* [RECORDS PROVIDED]
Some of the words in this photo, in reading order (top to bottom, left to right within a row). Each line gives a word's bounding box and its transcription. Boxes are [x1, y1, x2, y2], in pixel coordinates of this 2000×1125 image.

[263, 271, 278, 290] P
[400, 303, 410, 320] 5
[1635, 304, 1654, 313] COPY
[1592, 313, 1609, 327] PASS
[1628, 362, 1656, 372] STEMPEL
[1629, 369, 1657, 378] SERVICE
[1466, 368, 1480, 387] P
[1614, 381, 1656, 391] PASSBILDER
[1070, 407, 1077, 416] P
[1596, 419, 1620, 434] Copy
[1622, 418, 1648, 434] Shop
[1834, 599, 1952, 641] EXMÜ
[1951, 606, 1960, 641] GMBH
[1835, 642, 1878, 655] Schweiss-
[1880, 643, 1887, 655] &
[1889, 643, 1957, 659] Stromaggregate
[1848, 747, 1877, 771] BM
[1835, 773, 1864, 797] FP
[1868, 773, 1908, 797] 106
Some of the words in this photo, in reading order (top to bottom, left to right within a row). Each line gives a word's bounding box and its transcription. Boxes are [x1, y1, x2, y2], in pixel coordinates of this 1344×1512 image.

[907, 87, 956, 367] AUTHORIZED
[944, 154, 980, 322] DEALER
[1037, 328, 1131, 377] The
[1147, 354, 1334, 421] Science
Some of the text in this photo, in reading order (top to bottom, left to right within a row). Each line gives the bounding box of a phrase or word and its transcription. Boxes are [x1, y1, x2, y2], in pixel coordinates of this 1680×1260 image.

* [TASK TO COMPLETE]
Your response must contain the complete listing, copied without deviation.

* [SOLUTION FOR THIS EXERCISE]
Some of the words in this photo, in reading order (top to bottom, left to right within a row). Each line gives a word's bounding box and its transcription. Boxes are [x1, y1, x2, y2], in pixel coordinates of this 2000×1125 image.

[263, 271, 278, 290] P
[400, 303, 410, 320] 5
[1635, 304, 1654, 313] COPY
[1592, 313, 1609, 327] PASS
[1628, 362, 1656, 372] STEMPEL
[1629, 369, 1657, 378] SERVICE
[1466, 368, 1480, 387] P
[1614, 381, 1656, 391] PASSBILDER
[1070, 407, 1077, 416] P
[1596, 419, 1620, 434] Copy
[1622, 418, 1648, 434] Shop
[1834, 599, 1952, 641] EXMÜ
[1951, 606, 1960, 641] GMBH
[1835, 642, 1878, 655] Schweiss-
[1880, 643, 1887, 655] &
[1889, 643, 1957, 659] Stromaggregate
[1848, 747, 1877, 771] BM
[1835, 773, 1864, 797] FP
[1868, 773, 1908, 797] 106
Some of the words in this photo, in reading order (top to bottom, left to right within a row). Each line gives a word's bounding box and its transcription. Boxes are [x1, y1, x2, y2], in pixel coordinates of this 1344×1512 image.

[907, 87, 956, 367] AUTHORIZED
[944, 154, 980, 322] DEALER
[1037, 328, 1131, 377] The
[1147, 354, 1334, 421] Science
Some of the text in this photo, in reading order (top to bottom, left to right within a row). Each line gives the bounding box of a phrase or word and its transcription. Boxes are [x1, y1, x2, y2], in pixel coordinates of this 1680×1260 image.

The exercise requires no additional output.